Читать «Роман с простатитом» онлайн - страница 139

Александр Мелихов

Двадцатиугольная лежанка под куполом расписана, как площадь

Регистан. Мы лежим ромашкой – головы в куче – на деревянных скамеечках, звонких, как ксилофоны. Краны вокруг торчат из резного камня – что твои дворцовые камины. Раковины тоже точены из сплошного камня, без стока, – представляю, как бы я ошалел от них когда-то. Мыться в них запрещено, можно только обливаться из пластмассового ковшика. Палач обходит по кругу, медленно выворачивает руки, потом начинает откручивать уши, носы…

Переворачивая жертву, он каждый раз шлепает мокрую дерюжку на срамное место. Я не даюсь, обхватываюсь, как насилуемая гимназистка. Належавшись, окатываюсь, кое-как вытираюсь сохраненной дерюжкой. Но в предбаннике, воспользовавшись моим замешательством, меня окутывают сразу тремя полотенцами, накидка на голове – как у голубого фараона. Все пропало… Но полотенца

– уф-ф… – входят в минимальный банный набор.

В отзывающемся Химградом ангаре, среди духоты все разом покрываются дубленками чьих попало размеров: с одной страны больше трех шкур беспошлинно не дерут, но четвертую дубленку можно провезти “на себе”.

Только Восточный Волк, по-прежнему с одной легкой сумочкой через плечо, отбрасывает веселые зайчики золотых зубов на неизменный черный смокинг: его товар спокойно шуршит в выдолбленных каблуках. Пьяноватенький барсук без церемоний пытается продавиться мимо него на посадку. Но Одиночка без лишних слов и выражений громко стукает его кулаком по физиономии – вразумляет для первого раза. При этом он смотрит с такой веселой выжидательностью, что барсук давится собственным матом. Все нормально. Мужики поговорили.

Из того же родного Стамбула мы возвращались с турецким десантом, когда происходило великое сидение в Белом доме. Кто помудрей, старались помнить одно: те, эти – а кормить тебя вместо тебя все равно никто не будет. И в этом, ей-богу, было свое достоинство!

Но активисты и здесь сползали из-под притолоки, чтобы стращать друг друга – мол, коммуняки все ларьки позакрывают.
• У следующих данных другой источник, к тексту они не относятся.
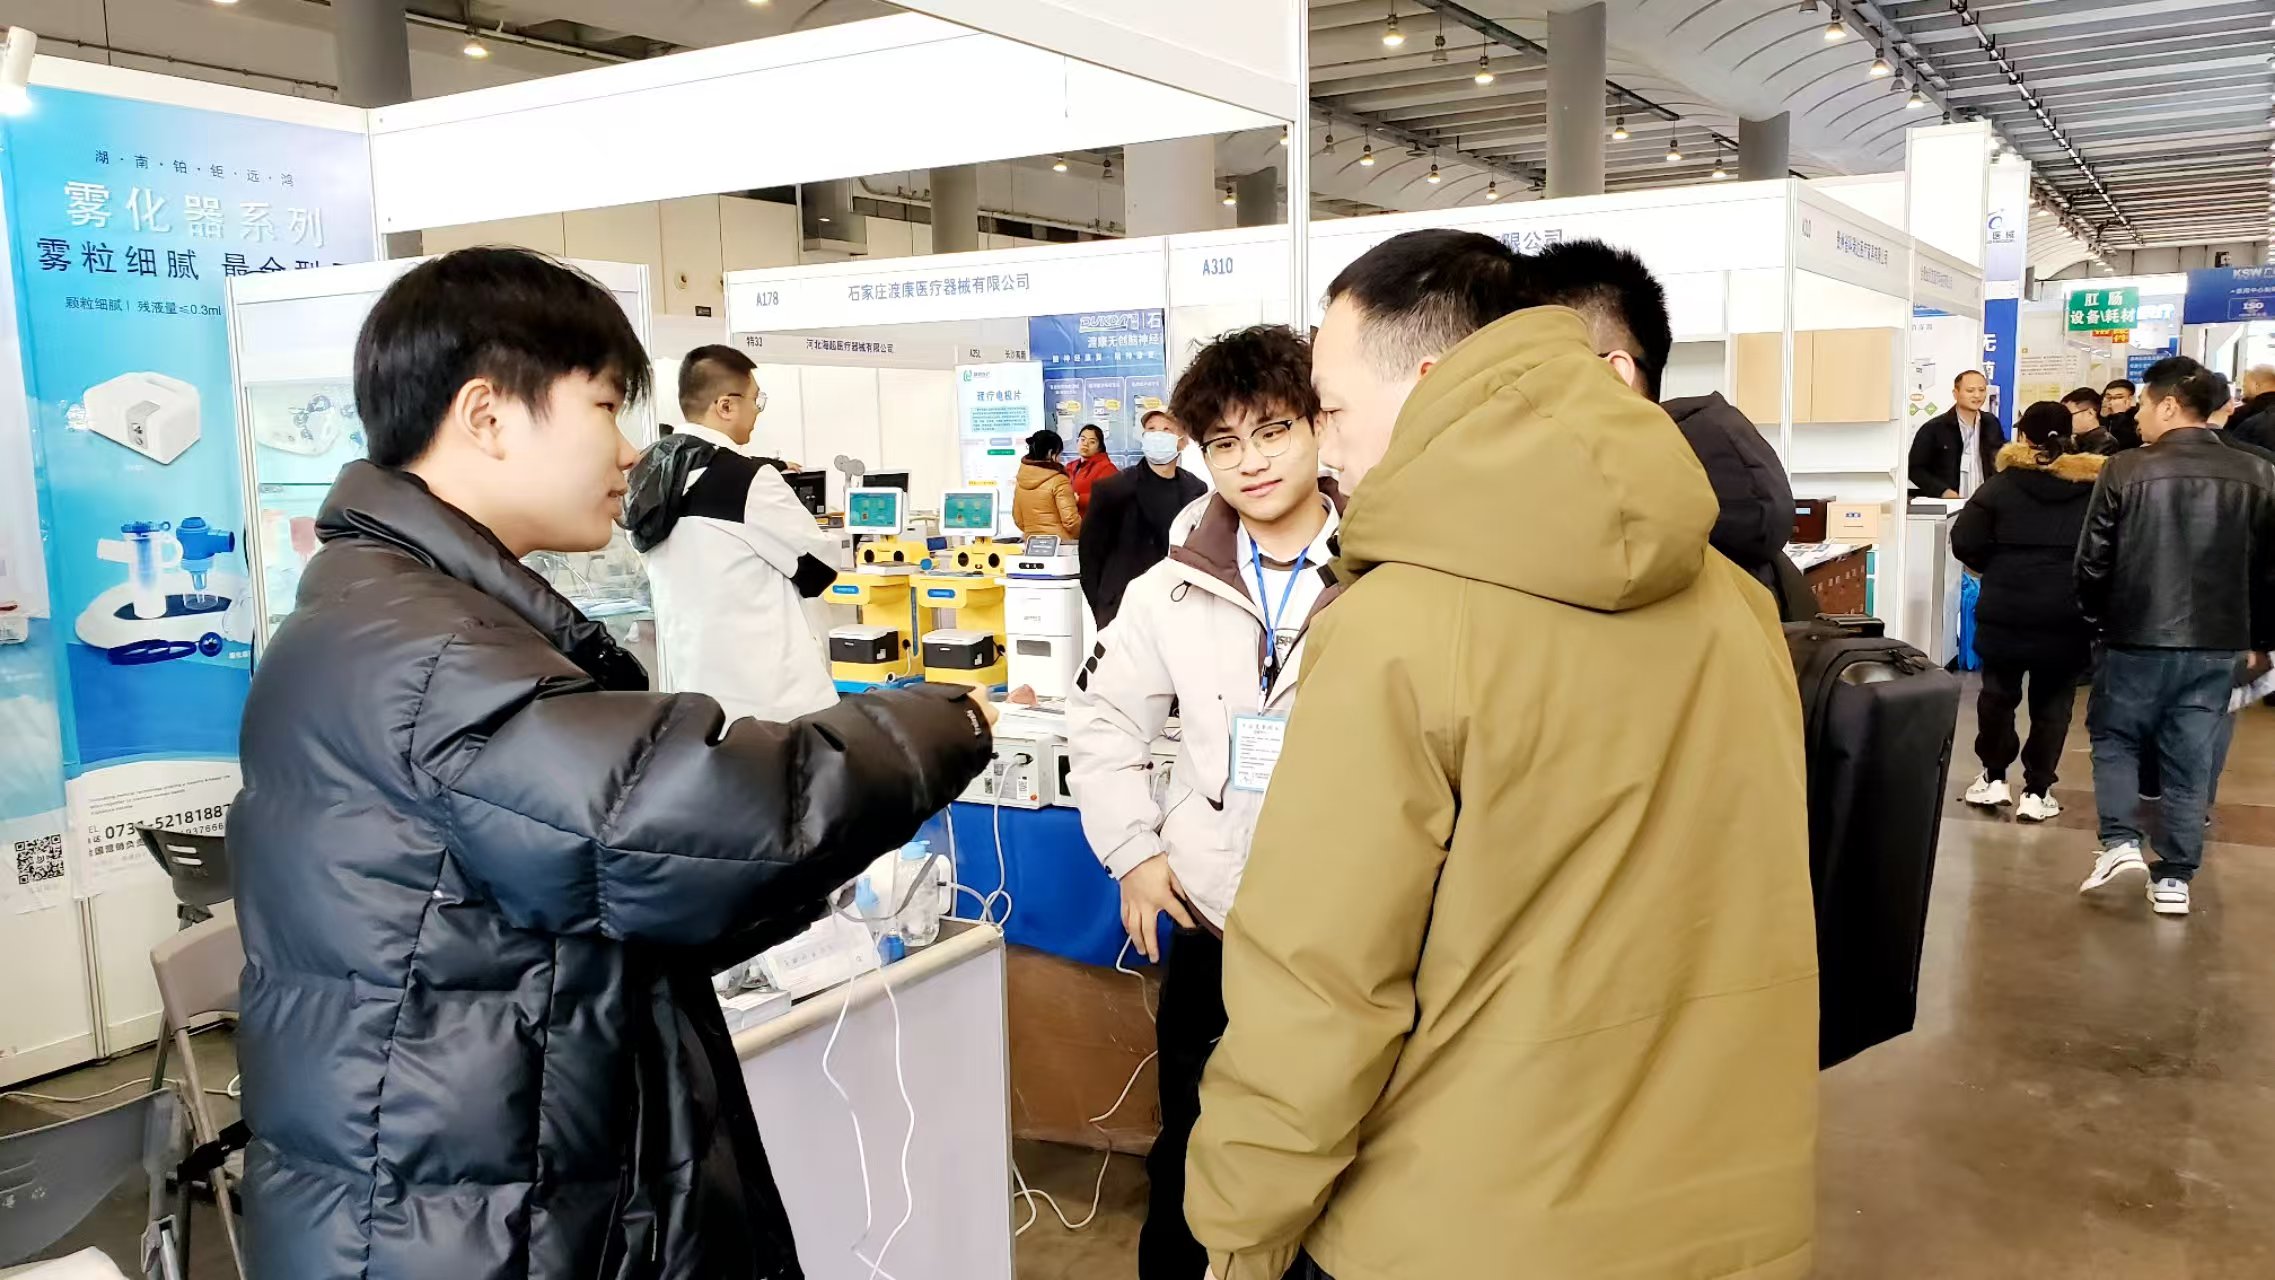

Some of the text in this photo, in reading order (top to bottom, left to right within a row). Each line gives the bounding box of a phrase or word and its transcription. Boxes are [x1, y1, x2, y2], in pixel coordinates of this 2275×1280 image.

Впрочем, и

Ельцин был не хорош: развел таможни, налоги – жуть брала, с какой легкостью оба стана готовы были подгонять под себя все мироздание. Мир убьет простота: ампутация ненужного однажды оставит нас без головы или без печени.

Поезд приопаздывал, и у нас пропадали билеты на химградский ежемесячный. Один вход в метро был перекрыт, в другой мешочников не пускали. Таксист заломил несусветно, но и его остановил мрачный милицейский пикет. Впереди размахивали флагами устрашающего красного цвета: нудный геморроидальный канцелярист, окунувшись в двухлетнее забвение, восстал саблезубым пенсионером. Обиженные хотели иметь по праву то, что им причиталось лишь по закону милосердия. Простые люди не бывают хорошими: если не убьют сами, то проголосуют за убийц. Ничего страшного, твердил я себе, но декорации уже разверзлись.
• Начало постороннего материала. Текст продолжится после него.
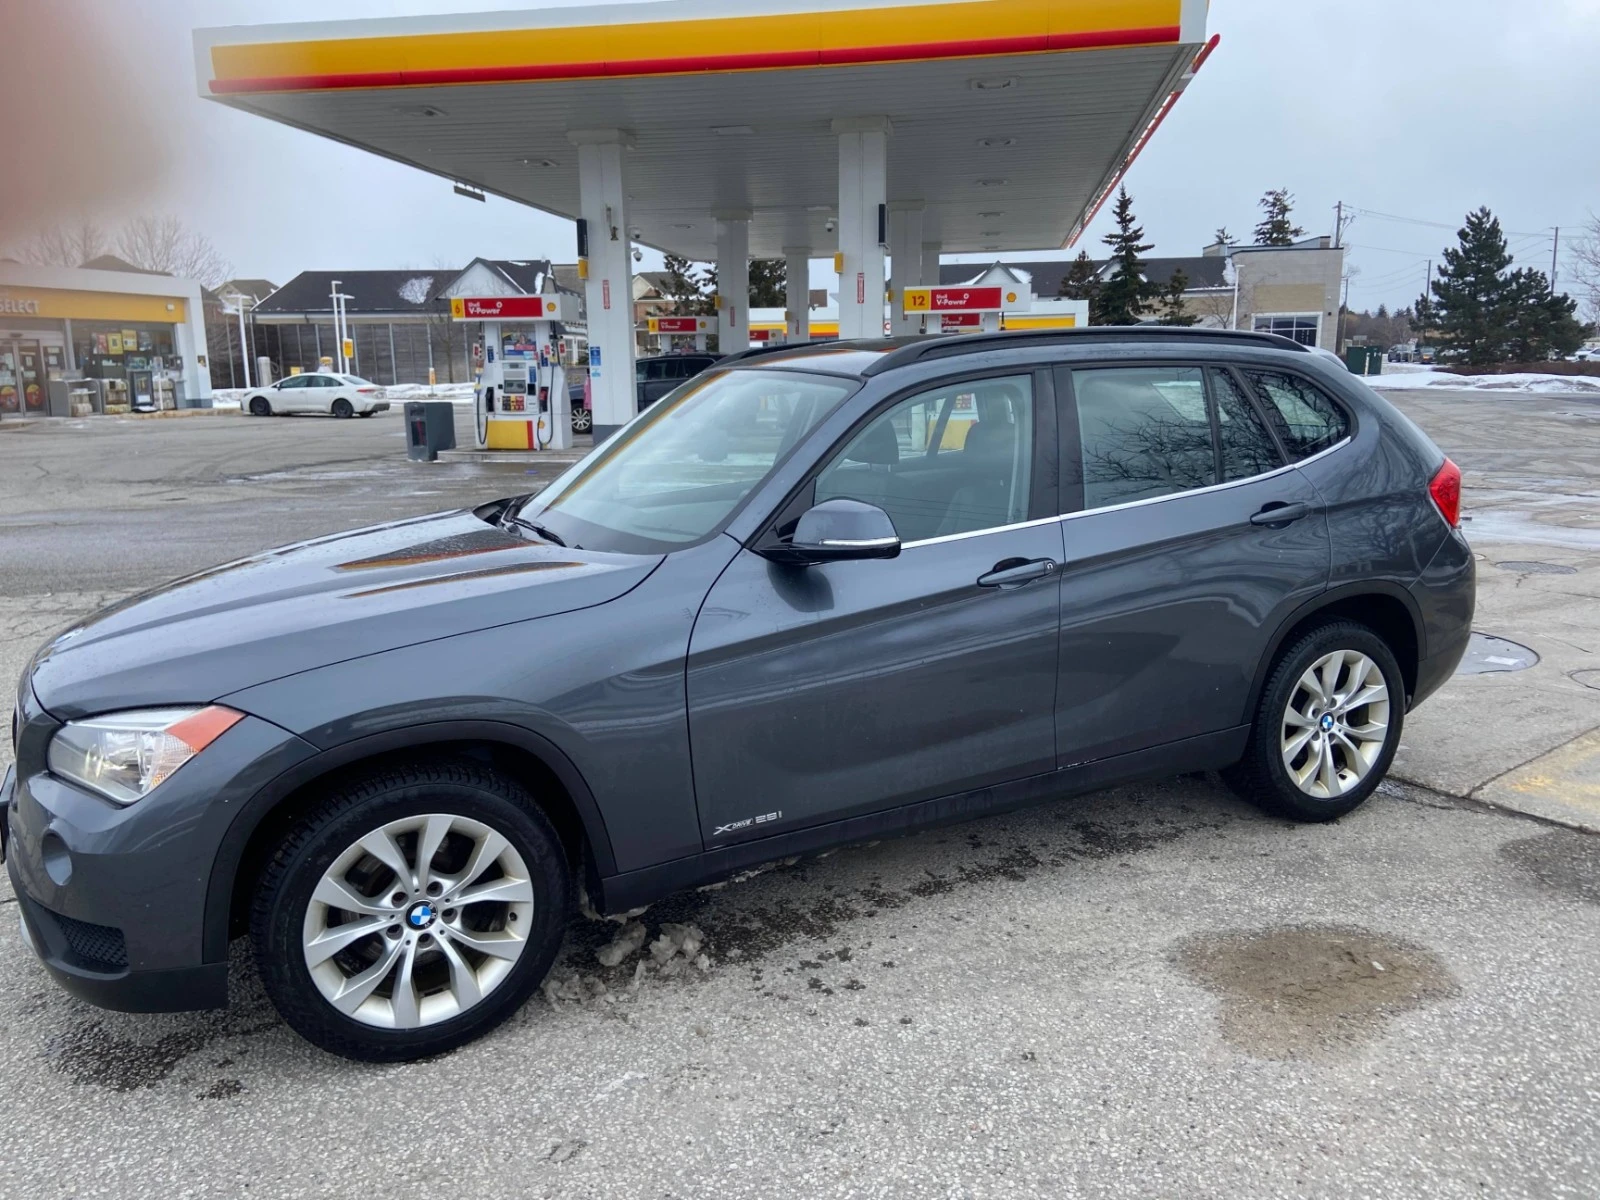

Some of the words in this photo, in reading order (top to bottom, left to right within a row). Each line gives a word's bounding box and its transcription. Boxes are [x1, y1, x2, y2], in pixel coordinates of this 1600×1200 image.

[911, 295, 925, 306] 12
[0, 299, 40, 314] SELECT
[454, 303, 461, 314] 6
[468, 306, 501, 315] V-Power
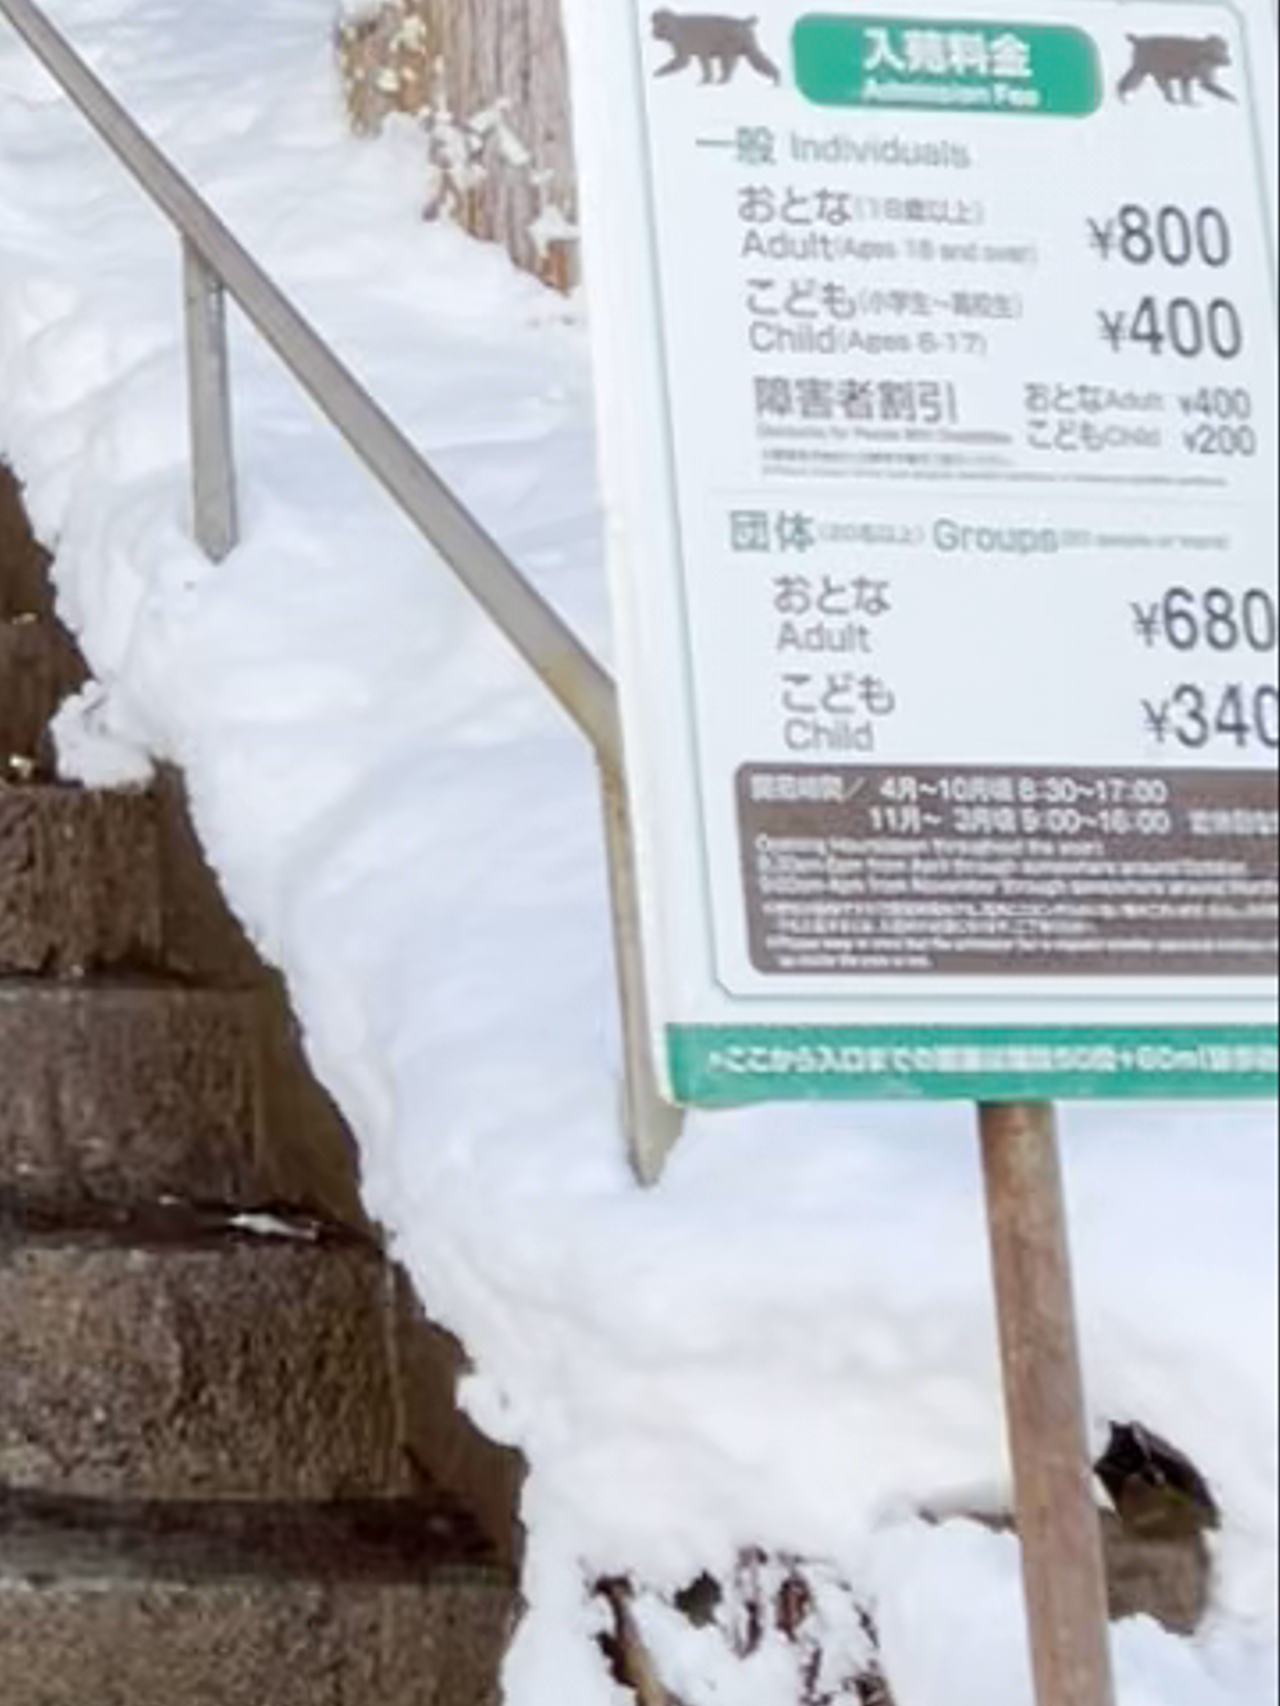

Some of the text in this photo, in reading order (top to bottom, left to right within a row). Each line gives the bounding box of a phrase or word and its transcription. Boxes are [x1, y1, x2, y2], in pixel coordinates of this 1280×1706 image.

[695, 126, 972, 168] 一般 Individuals
[737, 186, 852, 226] おとな
[741, 229, 835, 261] Adult
[1086, 203, 1231, 268] ¥800
[746, 279, 856, 320] こども
[748, 320, 837, 354] Child
[1096, 296, 1243, 360] ¥400
[1179, 387, 1252, 420] ¥400
[1183, 424, 1257, 457] ¥200
[729, 510, 815, 553] 団体
[772, 575, 892, 616] おとな
[777, 621, 873, 654] Adult
[1128, 586, 1277, 653] ¥680
[781, 672, 896, 716] こども
[784, 717, 875, 752] Child
[1140, 683, 1279, 750] ¥340
Подыхая рысить вьючным и упряжным верблюдом сразу (краем глаза сфотографировалась ее почти падающая, но удивительно изящная, будто с вазы, бегущая фигурка), я все же ощущал ледок под

ёкающей ложечкой – видеть пустую Москву, где всегда безостановочно валила лавина автомобилей. Последний вагон, на последнем издыхании сую билеты вместе с десятью тысячами, последний тюк вбрасываю на бегу. Потом один за другим – волк, коза и капуста, – багровый, потный, переволакиваю их по вагонам, тормозным площадкам и только тогда опускаюсь дышать. Она тоже еле дышит. В этот день наши танки били по Белому дому.